Abstract

Preterm labour is the leading cause of prenatal and neonatal mortality morbidity and long term neurodevelopmental problems. Diverse treatments have been employed in past to suppress preterm labour. Magnesium sulfate is often used as first line in suppression of preterm labour. Side effect of this includes thirst, hyperthermia, headache, diplopia, respiratory depression and rare cases respiratory paralysis and arrest. We take a decision that compares the ability of magnesium sulfate with progesterone in suppression of preterm labour. In this randomized clinical trial, 132 cases were chosen from pregnant women between the 26 to 34 weeks of pregnancy who were suffering from preterm contractions of uterus with intact amniotic sac and cervical dilatation of less than 4 cm. These women had been referred to obstetric ward of Ali – Ebne – Abitalib hospital, Zahedan, during the year of 2008 to 2009 and randomly were divided into two equal groups (66 cases in each group). The results were analyzed by Chi-square and T-test with SPSS software. In first group, primarily 4 g of magnesium sulfate was infused. And then 10 g (2 g/h) was continued. In second group, progesterone used 200 mg vaginal suppository as single dose.
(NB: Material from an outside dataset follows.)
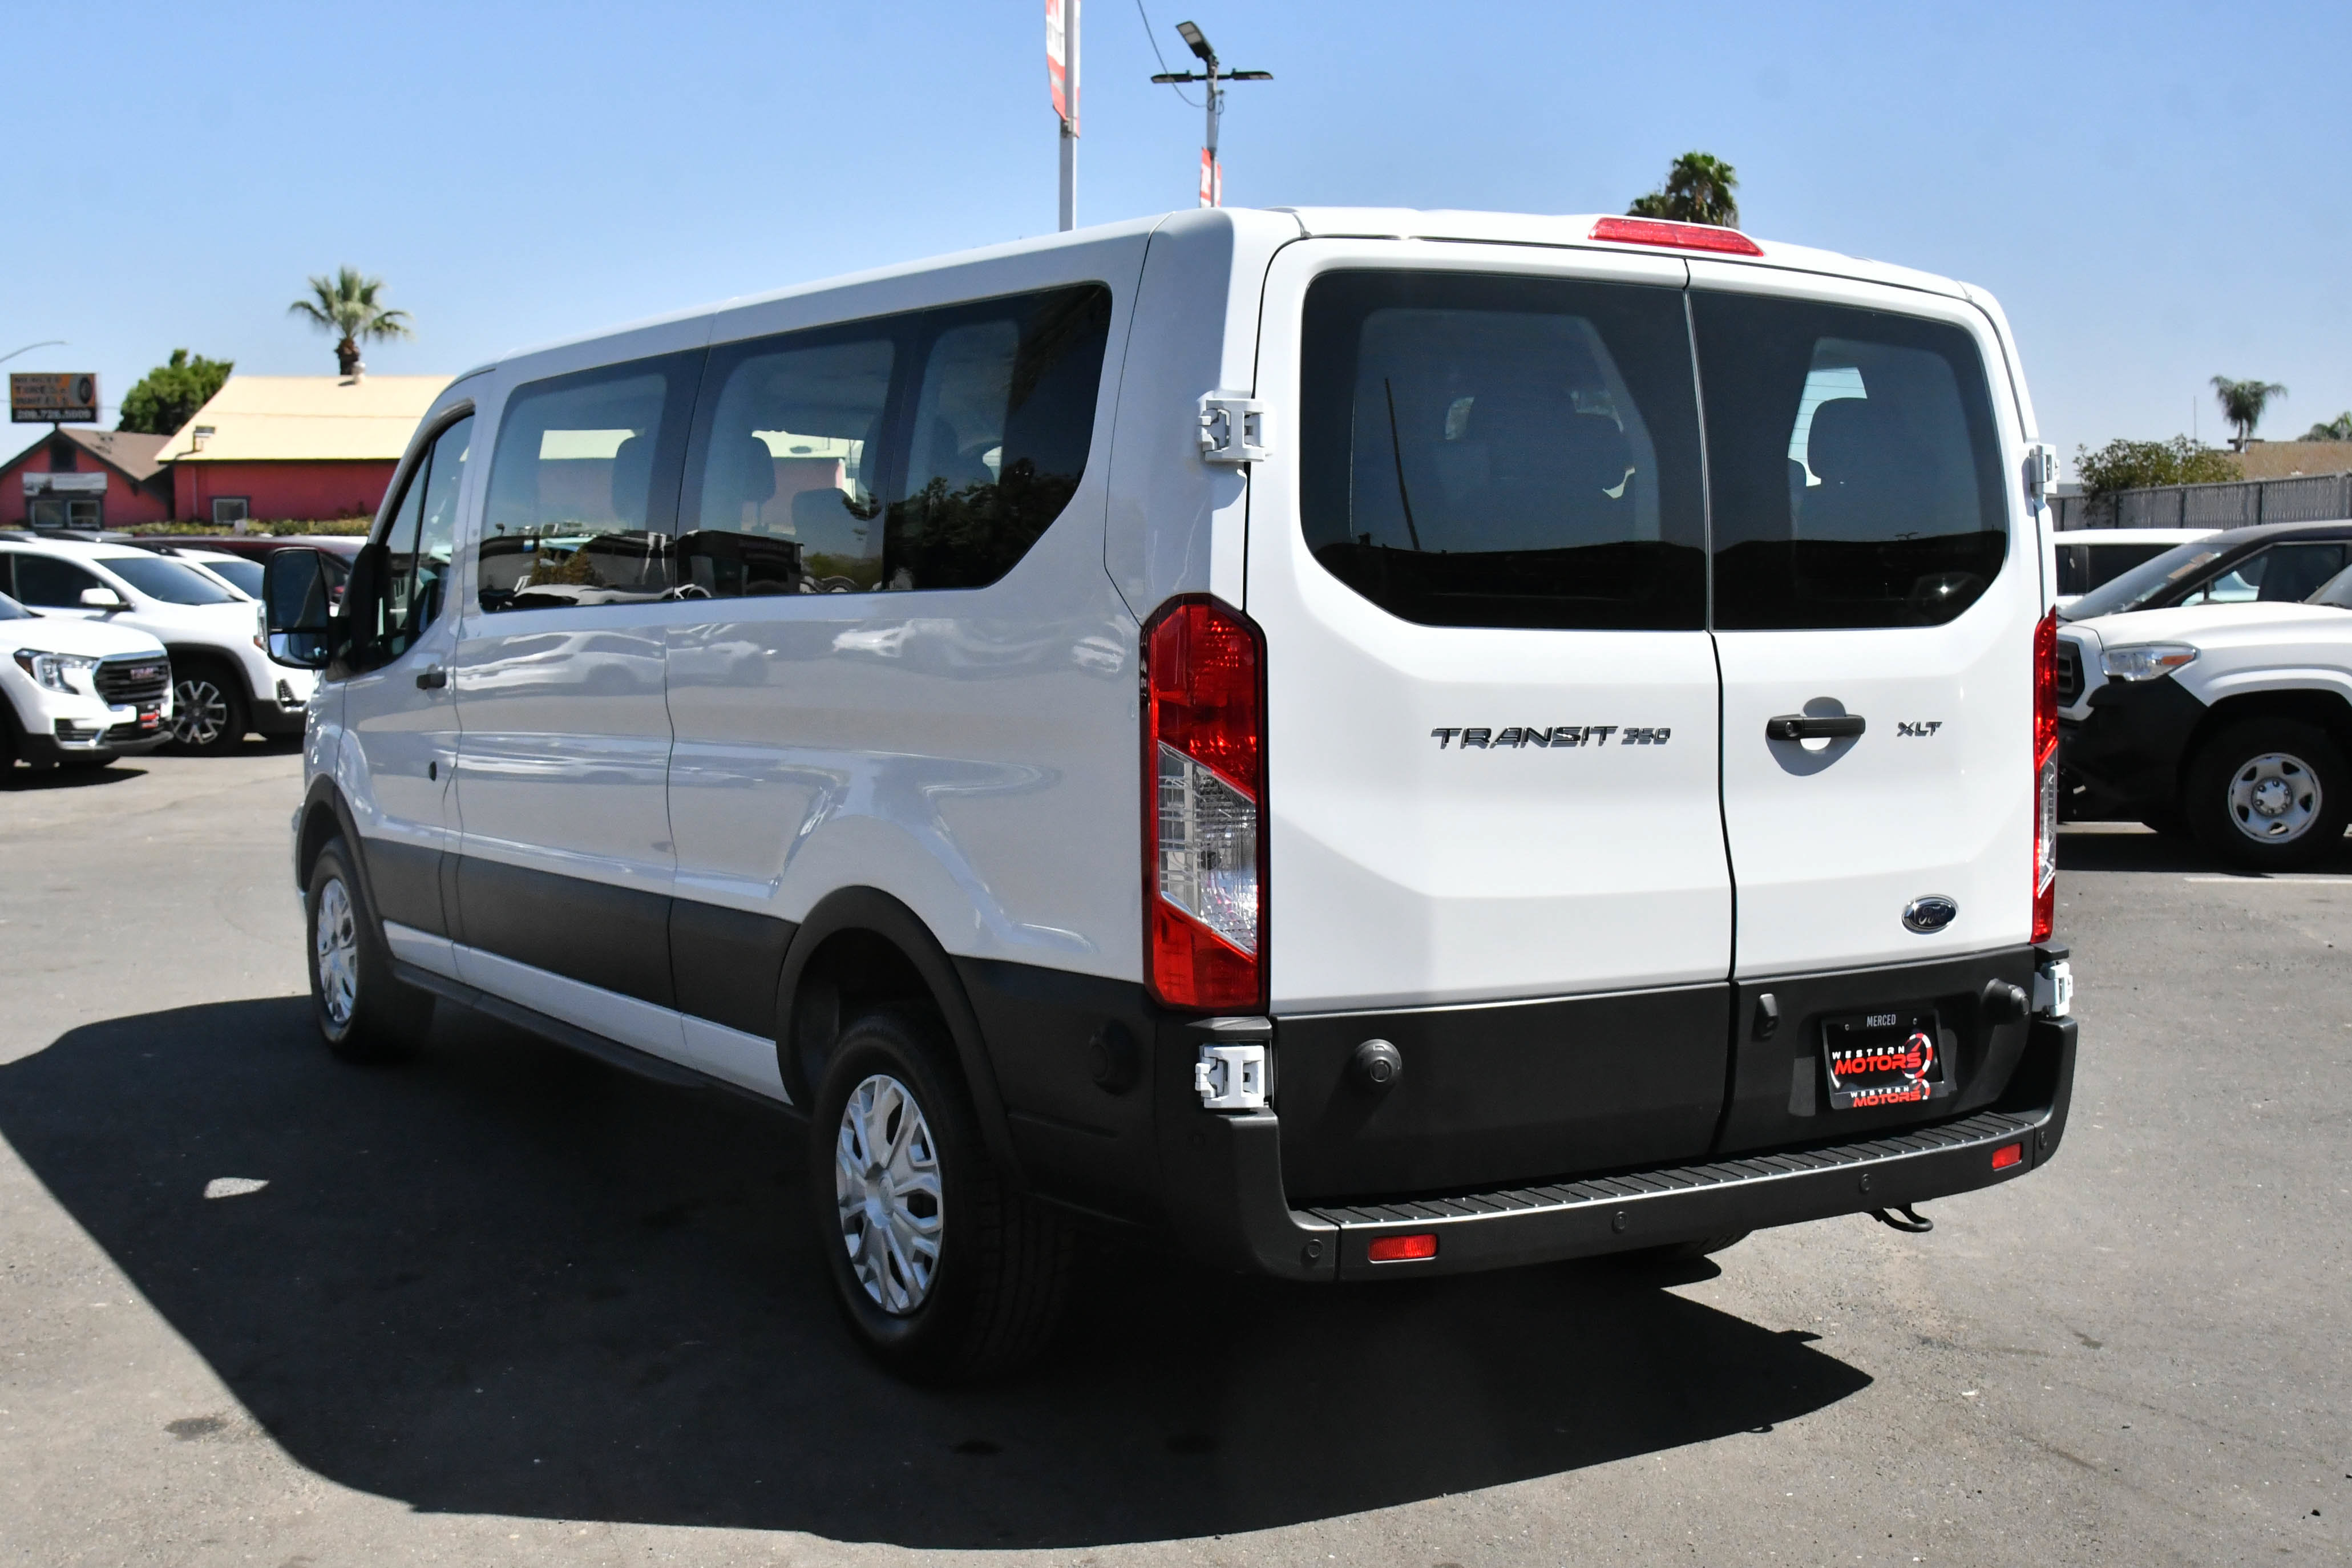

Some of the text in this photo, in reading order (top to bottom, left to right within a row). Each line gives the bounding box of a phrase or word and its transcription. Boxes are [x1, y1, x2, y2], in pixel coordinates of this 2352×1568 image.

Sixty six women in magnesium sulfate group in 58 cases (89%) suppressed delivery at least for 48 h. In second group, from 66 women 52 case (79%) suppressed delivery at least for 48 h. In this study, differentiation was not significant (p value = 0.161) in two group. 95% women in first group (magnesium sulfate) had side effects and 5% women progesterone group had involved with side effects. This finding shows that the ability of progesterone in suppression of preterm labour is similar to magnesium sulfate; however, maternal side effect of magnesium sulfate was 95% while it was not for progesterone. Key words: Progesterone, magnesium sulfate, preterm labour, tocolytic.